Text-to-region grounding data
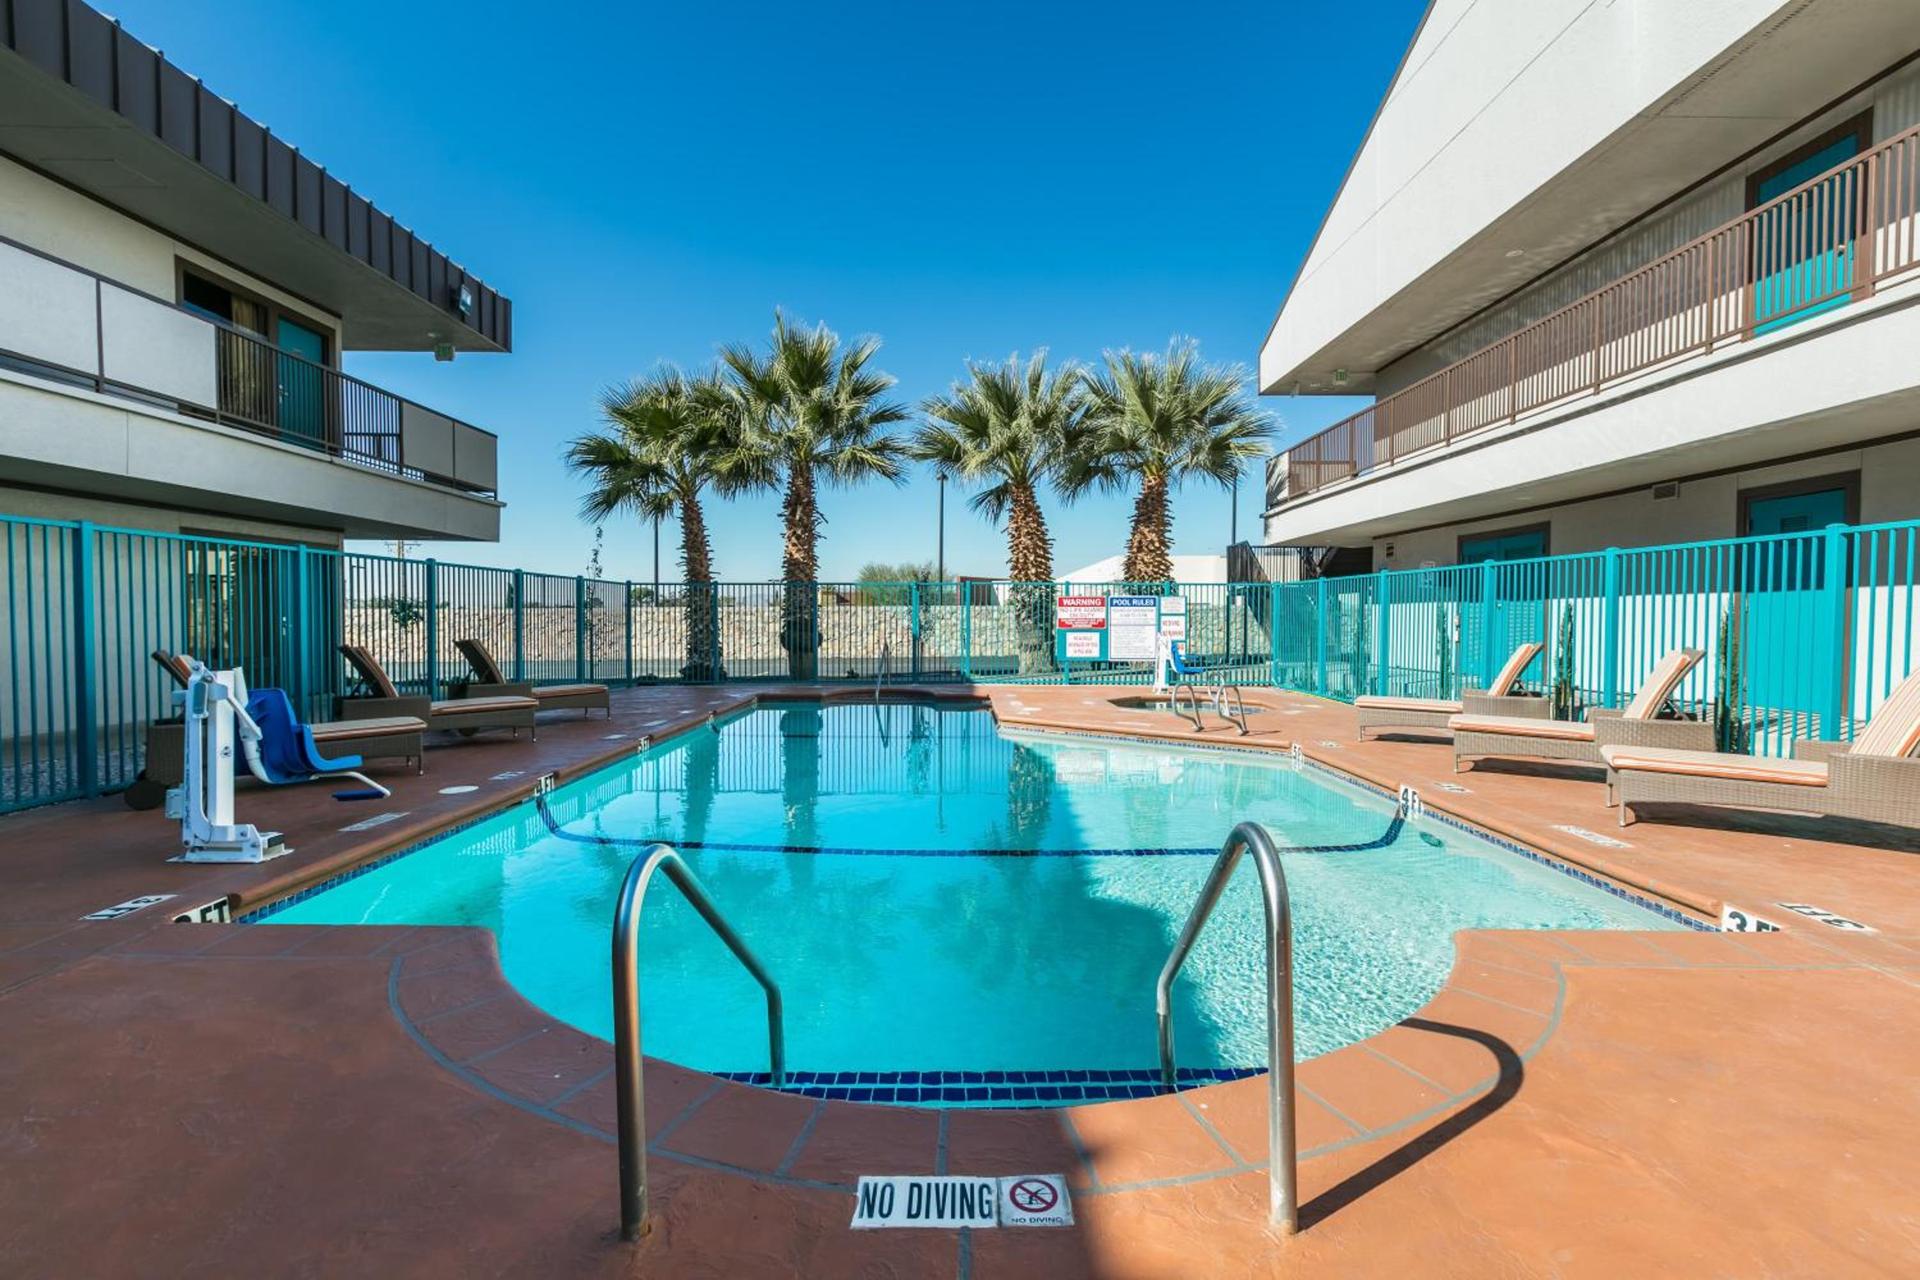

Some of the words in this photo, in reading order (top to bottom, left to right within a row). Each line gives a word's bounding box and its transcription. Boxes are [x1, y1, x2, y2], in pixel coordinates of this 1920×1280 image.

[1063, 598, 1101, 606] WARNING
[1112, 598, 1131, 606] POOL
[1132, 598, 1154, 606] RULES
[1402, 787, 1409, 804] 4
[1728, 911, 1748, 932] 3
[858, 1182, 895, 1219] NO
[906, 1182, 993, 1220] DIVING

» **Work instructions**
Word for word, reproduce all of the entries above and omit the pictures.

» **Reply to the task**
Some of the words in this photo, in reading order (top to bottom, left to right within a row). Each line gives a word's bounding box and its transcription. Boxes are [x1, y1, x2, y2], in pixel coordinates of this 1920×1280 image.

[1063, 598, 1101, 606] WARNING
[1112, 598, 1131, 606] POOL
[1132, 598, 1154, 606] RULES
[1402, 787, 1409, 804] 4
[1728, 911, 1748, 932] 3
[858, 1182, 895, 1219] NO
[906, 1182, 993, 1220] DIVING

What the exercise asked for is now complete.